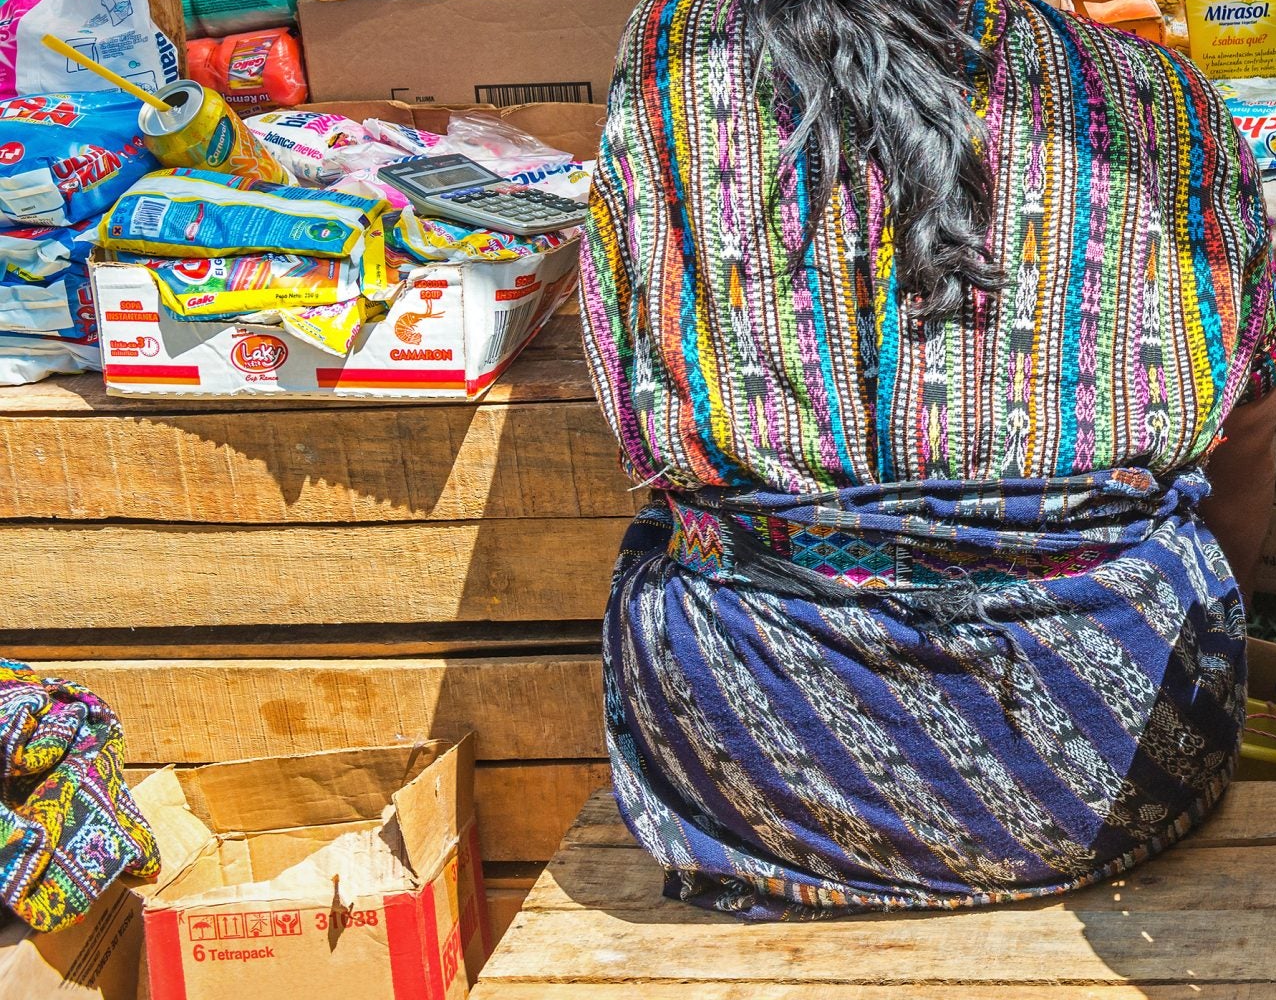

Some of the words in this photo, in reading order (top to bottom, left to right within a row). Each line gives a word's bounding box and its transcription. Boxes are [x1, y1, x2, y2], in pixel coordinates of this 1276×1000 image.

[1218, 51, 1254, 60] alimentación
[232, 56, 266, 70] Gallo
[1205, 62, 1210, 70] y
[1211, 60, 1243, 68] balanceada
[1243, 57, 1274, 68] contribuye
[1210, 67, 1242, 75] crecimiento
[416, 95, 435, 103] PLUMA
[264, 131, 296, 149] blanca
[292, 143, 324, 160] nieves
[187, 294, 216, 308] Gallo
[420, 290, 443, 300] SOUP
[120, 301, 143, 310] SOPA
[136, 336, 145, 348] 3
[390, 348, 453, 361] CAMARON
[245, 374, 258, 382] Cup
[315, 909, 379, 931] 31038
[191, 944, 207, 962] 6
[209, 948, 275, 961] Tetrapack
= = = = =
- [PROBLEM DESCRIPTION]: Output the records exactly. Drop the images.

- [TASK OUTPUT]:
Some of the words in this photo, in reading order (top to bottom, left to right within a row). Each line gives a word's bounding box and its transcription. Boxes are [x1, y1, x2, y2], in pixel coordinates of this 1276×1000 image.

[1218, 51, 1254, 60] alimentación
[232, 56, 266, 70] Gallo
[1205, 62, 1210, 70] y
[1211, 60, 1243, 68] balanceada
[1243, 57, 1274, 68] contribuye
[1210, 67, 1242, 75] crecimiento
[416, 95, 435, 103] PLUMA
[264, 131, 296, 149] blanca
[292, 143, 324, 160] nieves
[187, 294, 216, 308] Gallo
[420, 290, 443, 300] SOUP
[120, 301, 143, 310] SOPA
[136, 336, 145, 348] 3
[390, 348, 453, 361] CAMARON
[245, 374, 258, 382] Cup
[315, 909, 379, 931] 31038
[191, 944, 207, 962] 6
[209, 948, 275, 961] Tetrapack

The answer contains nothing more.